Retraction Watch

Tracking retractions as a window into the scientific process

Researchers call for retraction of NEJM paper showing dangers of e-cigarettes

with 19 comments

NEJMResearchers and advocates are calling for the retraction of a 2015 letter in the New England Journal of Medicine that suggested that e-cigarettes are as harmful – if not more than – traditional cigarettes.

The NEJM paper reported that e-cigarettes expose smokers to significant amounts of formaldehyde, which the authors calculated could raise lifetime cancer risk by 5-15 fold compared to the risk for regular smokers. Critics, however, have claimed that to obtain such high levels of formaldehyde, the NEJM authors superheated the vapor from the e-cigs to levels that would create a well-known, acrid puff called a “dry puff.” This sensation, they say, is so terrible that no self-respecting “vaper” would consider repeating it. In other words, allege the e-cigarette supporters, the conditions described in the Letter—which was widely reported—were not relevant to human health.

This week, Addiction published a letter from critics of the NEJM paper, along with extensive supplementary materials, a reply from some of the NEJM Letter authors, and a response letter from the critics.

In their first Addiction letter, “Research letter on e-cigarettes was so misleading it should be retracted,” authors Clive Bates and cardiologist Konstantinos Farsalinos write:

There is a clear risk that extensive and alarming reporting will have persuaded many smokers that there is little to be gained by switching to e-cigarettes, despite the emerging expert consensus that vaping is likely to be at least 20 times lower risk than smoking.

We have documented the flaws in the experiment and cancer risk calculations and in the authors’ reply to criticisms of their work, and written to the editor of NEJM requesting the retraction of the letter.

NEJM editors have declined these requests.
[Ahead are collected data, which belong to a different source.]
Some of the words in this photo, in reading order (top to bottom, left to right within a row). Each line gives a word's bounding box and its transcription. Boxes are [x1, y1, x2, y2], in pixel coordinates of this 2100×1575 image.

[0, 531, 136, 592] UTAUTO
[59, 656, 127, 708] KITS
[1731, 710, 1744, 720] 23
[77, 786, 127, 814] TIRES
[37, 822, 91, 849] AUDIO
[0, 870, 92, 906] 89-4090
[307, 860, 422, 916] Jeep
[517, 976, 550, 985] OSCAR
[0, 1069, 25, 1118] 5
NEJM executive editor Edward W. Campion told Retraction Watch:

The research letter reported data on an important issue, namely the presence of a known carcinogen, at least at some device settings, in the vapor from e-cigarettes. We have seen no evidence of scientific misconduct, and we see no grounds for retraction. Disagreements about interpretation of data are not grounds for retraction. If disagreements about interpretation become a reason for retraction, the scientific community will be headed for real trouble.

Indeed, retraction guidelines from the Committee on Publication Ethics (COPE), of which NEJM is a member, lay out specific conditions under which papers should be retracted:

Journal editors should consider retracting a publication if:

• they have clear evidence that the findings are unreliable, either as a result of misconduct (e.g. data fabrication) or honest error (e.g. miscalculation or experimental error)
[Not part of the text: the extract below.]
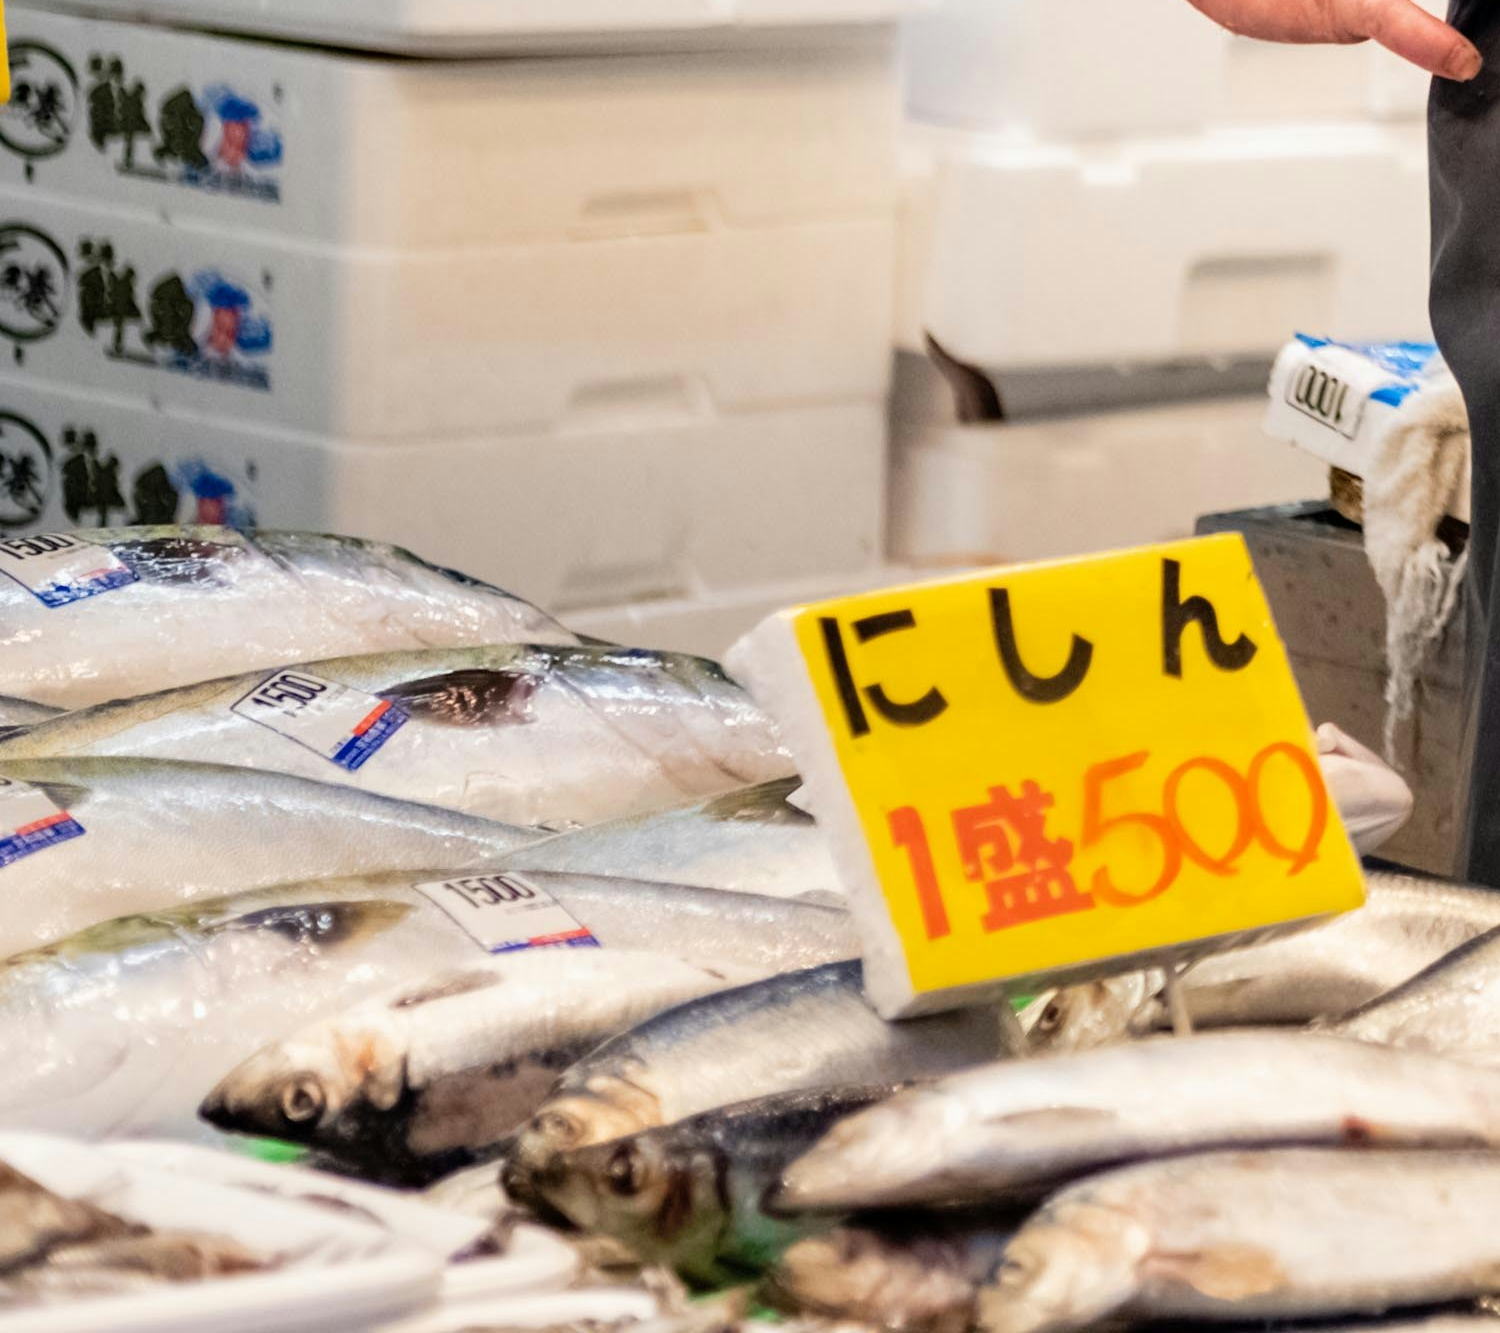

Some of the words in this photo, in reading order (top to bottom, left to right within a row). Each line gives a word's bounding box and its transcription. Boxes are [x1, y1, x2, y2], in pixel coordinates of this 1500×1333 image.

[818, 557, 1259, 739] にしん
[442, 875, 536, 910] 1500
• the findings have previously been published elsewhere without proper crossreferencing, permission or justification (i.e. cases of redundant publication)

• it constitutes plagiarism

• it reports unethical research

In May, Farsalinos published an additional study in Addiction involving “seven experienced vapers,” with results suggesting that only “dry puff” conditions—i.e., overheated liquid—produced high levels of aldehydes, including formaldehyde.
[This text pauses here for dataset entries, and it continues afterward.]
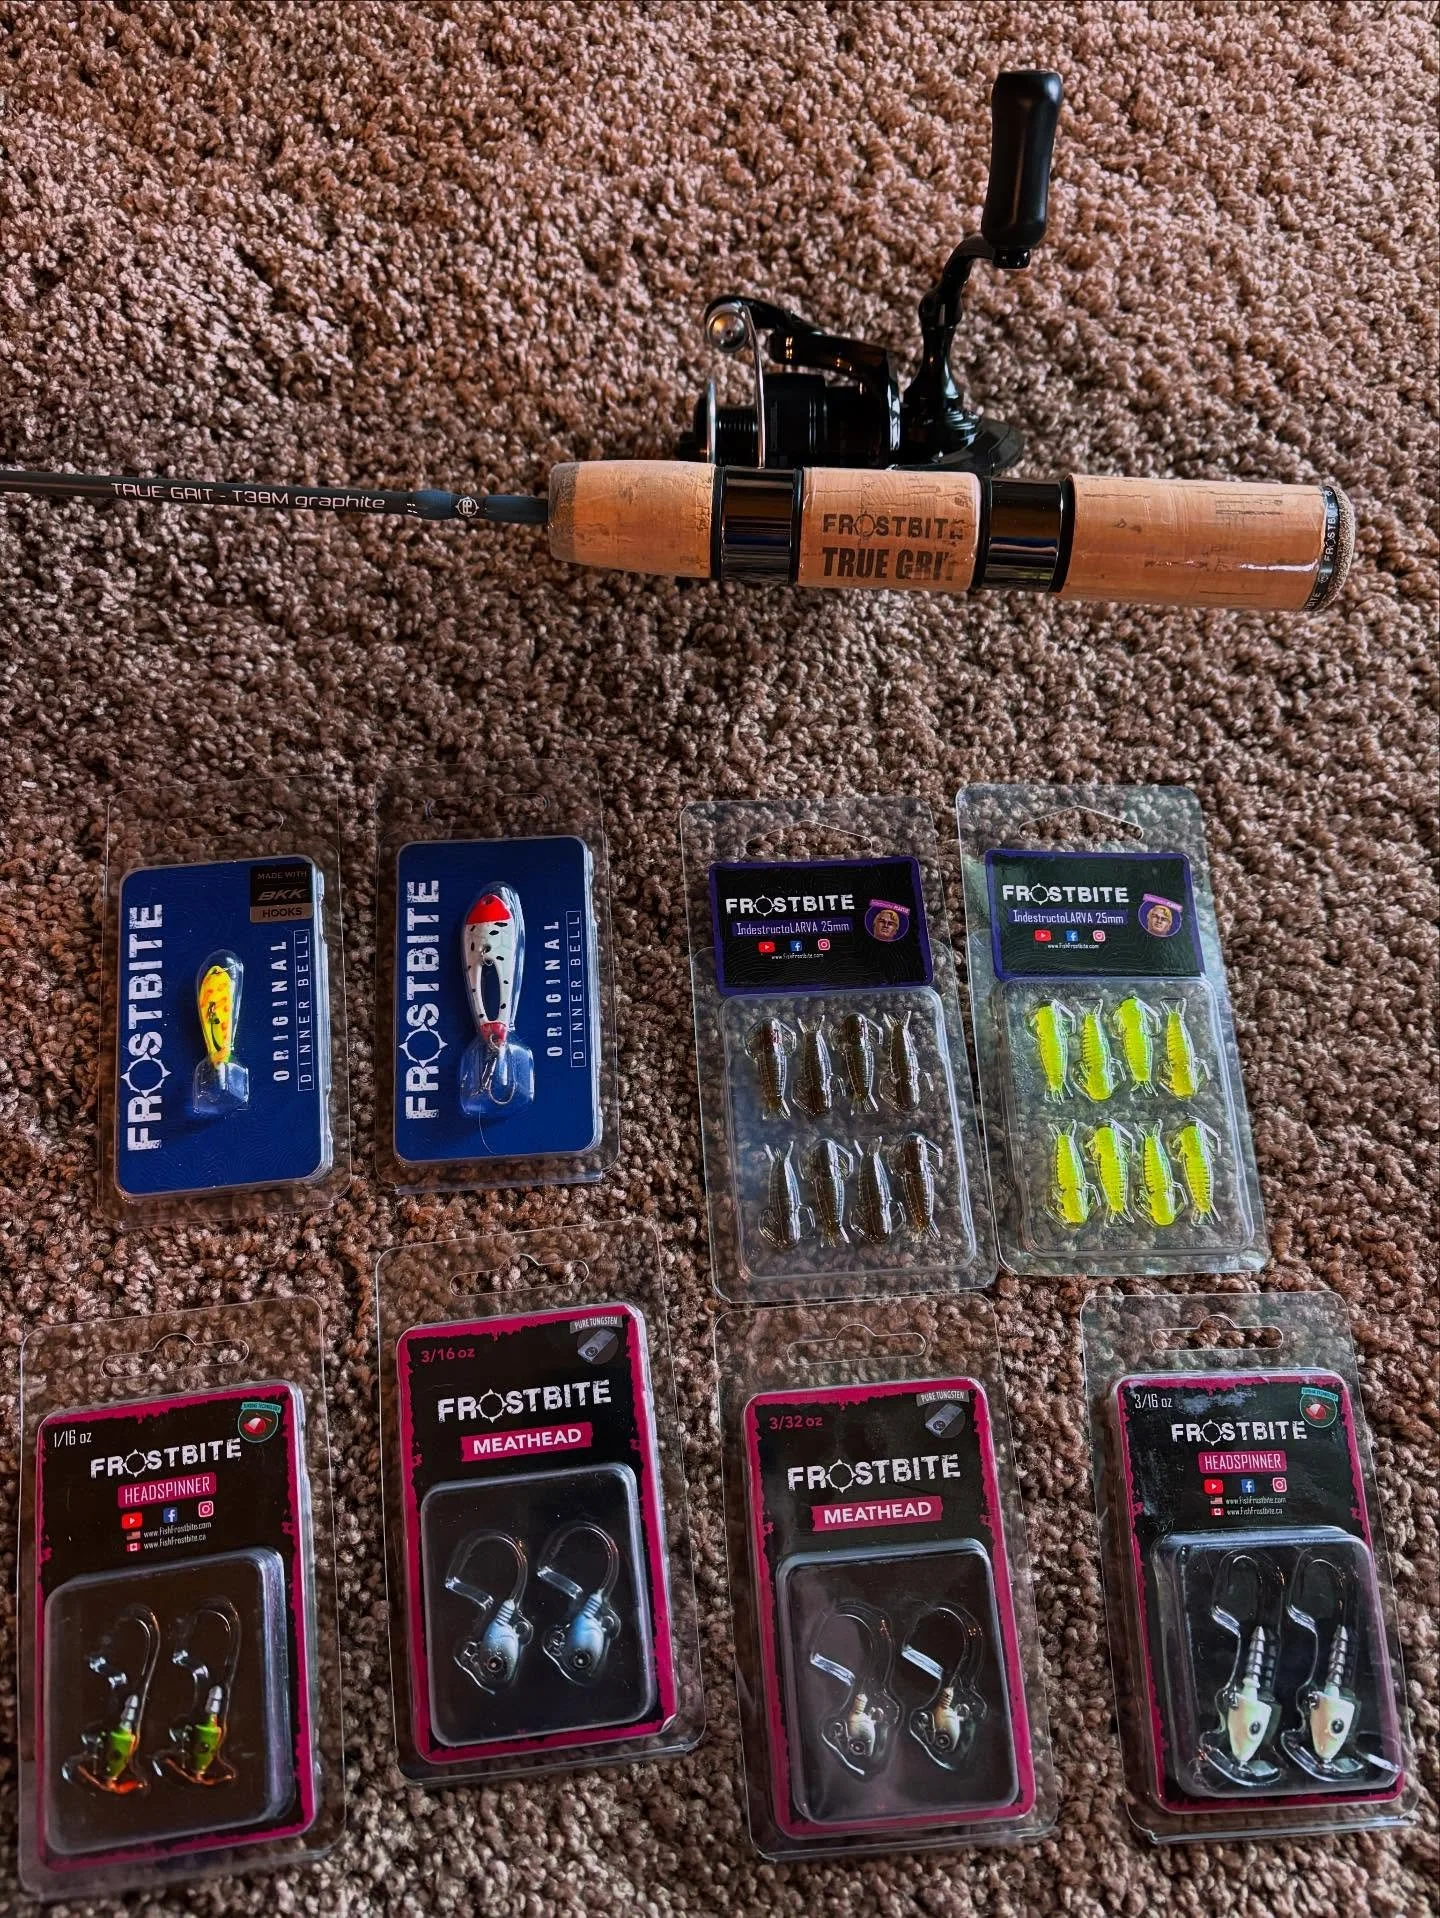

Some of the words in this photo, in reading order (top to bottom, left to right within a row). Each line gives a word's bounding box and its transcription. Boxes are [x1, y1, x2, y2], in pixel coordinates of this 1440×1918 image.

[111, 483, 165, 499] TRUE
[171, 486, 213, 501] GRIT
[232, 489, 288, 506] T38M
[295, 492, 386, 510] graphite
[822, 547, 890, 579] TRUE
[257, 872, 284, 880] MADE
[725, 894, 855, 916] FROSTBITE
[1002, 883, 1129, 905] FROSTBITE
[262, 907, 303, 918] HOOKS
[1013, 909, 1094, 924] IndestructoLARVA
[1095, 912, 1124, 924] 25mm
[736, 921, 818, 936] IndestructoLARVA
[820, 922, 850, 933] 25mm
[570, 916, 581, 967] BELL
[296, 935, 309, 987] BELL
[402, 880, 444, 1119] FROSTBITE
[543, 921, 564, 1057] ORIGINAL
[271, 941, 290, 1082] ORIGINAL
[571, 980, 585, 1060] DINNER
[124, 904, 167, 1151] FROSTBITE
[298, 1000, 312, 1083] DINNER
[574, 1318, 590, 1330] PURE
[590, 1316, 618, 1328] TUNGSTEN
[420, 1348, 454, 1364] 3/16
[458, 1347, 476, 1359] oz
[437, 1379, 612, 1423] FROSTBITE
[920, 1392, 936, 1402] PURE
[935, 1390, 965, 1401] TUNGSTEN
[1134, 1393, 1159, 1409] 3/16
[1161, 1397, 1173, 1409] oz
[768, 1415, 803, 1430] 3/32
[805, 1416, 824, 1428] oz
[1171, 1420, 1308, 1444] FROSTBITE
[53, 1430, 76, 1448] 1/16
[80, 1431, 92, 1444] oz
[473, 1428, 582, 1455] MEATHEAD
[90, 1438, 242, 1478] FROSTBITE
[1205, 1453, 1281, 1470] HEADSPINNER
[787, 1453, 961, 1493] FROSTBITE
[124, 1476, 210, 1505] HEADSPINNER
[823, 1501, 932, 1525] MEATHEAD
[143, 1521, 212, 1538] www.FishFrostbite.com
[143, 1534, 207, 1549] www.FishFrostbite.ca
As part of their latest commentary in Addiction, Farsalinos and Bates include supplementary information that describes earlier requests for a retraction of the NEJM paper “Hidden formaldehyde in e-cigarette aerosols,” including a list of signatories to a letter sent to NEJM.

In April, NEJM published three letters to the editor critiquing the original letter, along with a response from the original authors.

David H. Peyton, professor of chemistry at Portland State University and one of authors on the original NEJM letter, told Retraction Watch:

Bates & Farsalinos requested a retraction after their NEJM correspondence and our reply, and since that quickly failed they got Addiction to accept their request.

No one seems to be arguing with the science; they just seem very much to want the shading of the interpretation to match certain agendas.

E-cig proponents argue on behalf of public health, pointing to suggestions that because e-cigs are less dangerous than regular cigarettes, they should be welcomed. Indeed, proponents add, anyone who opposes e-cigarettes is simply playing into the hands—and marketing plans—of traditional cigarette makers by doing so.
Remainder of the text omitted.